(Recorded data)
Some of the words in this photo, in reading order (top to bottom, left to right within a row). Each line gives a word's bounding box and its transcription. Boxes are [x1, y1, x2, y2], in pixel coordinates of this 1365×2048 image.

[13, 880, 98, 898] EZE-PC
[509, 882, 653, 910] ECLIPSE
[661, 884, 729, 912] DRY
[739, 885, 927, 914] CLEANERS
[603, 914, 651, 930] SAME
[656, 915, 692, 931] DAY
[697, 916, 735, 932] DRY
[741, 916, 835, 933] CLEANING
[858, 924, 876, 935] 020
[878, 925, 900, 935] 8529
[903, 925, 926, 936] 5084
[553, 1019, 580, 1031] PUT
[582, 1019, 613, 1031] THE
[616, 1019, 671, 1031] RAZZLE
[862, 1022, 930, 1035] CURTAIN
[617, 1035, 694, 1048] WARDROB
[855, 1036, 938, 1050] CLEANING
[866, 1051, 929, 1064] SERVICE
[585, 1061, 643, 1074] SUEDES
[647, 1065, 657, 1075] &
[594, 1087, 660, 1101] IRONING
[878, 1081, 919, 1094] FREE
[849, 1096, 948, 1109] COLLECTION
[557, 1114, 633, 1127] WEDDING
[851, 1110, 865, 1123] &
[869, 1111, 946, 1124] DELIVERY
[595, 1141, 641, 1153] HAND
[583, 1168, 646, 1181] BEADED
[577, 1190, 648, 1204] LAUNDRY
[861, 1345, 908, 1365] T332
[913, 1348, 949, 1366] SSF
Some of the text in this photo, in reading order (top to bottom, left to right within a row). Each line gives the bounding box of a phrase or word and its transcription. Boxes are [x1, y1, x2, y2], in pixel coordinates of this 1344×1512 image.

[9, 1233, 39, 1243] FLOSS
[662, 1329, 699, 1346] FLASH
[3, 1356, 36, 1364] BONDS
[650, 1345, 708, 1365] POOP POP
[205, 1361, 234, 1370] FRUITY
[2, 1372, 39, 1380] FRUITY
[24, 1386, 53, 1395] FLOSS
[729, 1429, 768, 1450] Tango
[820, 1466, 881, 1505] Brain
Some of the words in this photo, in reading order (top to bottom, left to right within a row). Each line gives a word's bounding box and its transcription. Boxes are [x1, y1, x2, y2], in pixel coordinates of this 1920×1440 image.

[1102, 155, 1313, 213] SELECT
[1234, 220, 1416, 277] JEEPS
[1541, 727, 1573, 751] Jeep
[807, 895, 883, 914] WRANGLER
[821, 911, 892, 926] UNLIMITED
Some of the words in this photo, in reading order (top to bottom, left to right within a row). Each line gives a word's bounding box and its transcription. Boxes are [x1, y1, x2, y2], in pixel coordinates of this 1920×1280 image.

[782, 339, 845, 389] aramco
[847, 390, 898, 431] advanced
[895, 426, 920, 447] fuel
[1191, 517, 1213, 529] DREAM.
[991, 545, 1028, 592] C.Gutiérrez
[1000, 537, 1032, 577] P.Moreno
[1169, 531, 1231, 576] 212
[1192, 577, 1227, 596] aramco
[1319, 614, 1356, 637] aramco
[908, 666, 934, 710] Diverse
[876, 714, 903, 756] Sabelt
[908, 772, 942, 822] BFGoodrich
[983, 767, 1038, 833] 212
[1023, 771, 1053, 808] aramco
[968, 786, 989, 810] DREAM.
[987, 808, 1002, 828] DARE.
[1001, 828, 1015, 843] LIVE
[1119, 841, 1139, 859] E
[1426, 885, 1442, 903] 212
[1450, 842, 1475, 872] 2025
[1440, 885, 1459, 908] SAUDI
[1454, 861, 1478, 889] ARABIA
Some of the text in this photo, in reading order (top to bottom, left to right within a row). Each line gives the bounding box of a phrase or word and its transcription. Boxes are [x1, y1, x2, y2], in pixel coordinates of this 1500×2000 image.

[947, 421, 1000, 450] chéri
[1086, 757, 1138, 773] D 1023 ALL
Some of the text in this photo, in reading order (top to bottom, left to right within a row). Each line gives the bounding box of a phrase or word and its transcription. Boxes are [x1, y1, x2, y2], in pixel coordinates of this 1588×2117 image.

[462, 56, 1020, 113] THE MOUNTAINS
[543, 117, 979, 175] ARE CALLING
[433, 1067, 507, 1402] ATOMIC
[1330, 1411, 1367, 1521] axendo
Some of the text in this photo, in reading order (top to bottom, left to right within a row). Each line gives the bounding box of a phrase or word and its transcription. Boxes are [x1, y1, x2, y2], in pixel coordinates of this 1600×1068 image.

- **WHAT YOU WILL DO**
The line with "this 1588×2117 image." and all lines after it through the end of the data above: write these out exactly and add nothing.

- **EXERCISE ANSWER**
Some of the text in this photo, in reading order (top to bottom, left to right within a row). Each line gives the bounding box of a phrase or word and its transcription. Boxes are [x1, y1, x2, y2], in pixel coordinates of this 1588×2117 image.

[462, 56, 1020, 113] THE MOUNTAINS
[543, 117, 979, 175] ARE CALLING
[433, 1067, 507, 1402] ATOMIC
[1330, 1411, 1367, 1521] axendo
Some of the text in this photo, in reading order (top to bottom, left to right within a row). Each line gives the bounding box of a phrase or word and its transcription. Boxes are [x1, y1, x2, y2], in pixel coordinates of this 1600×1068 image.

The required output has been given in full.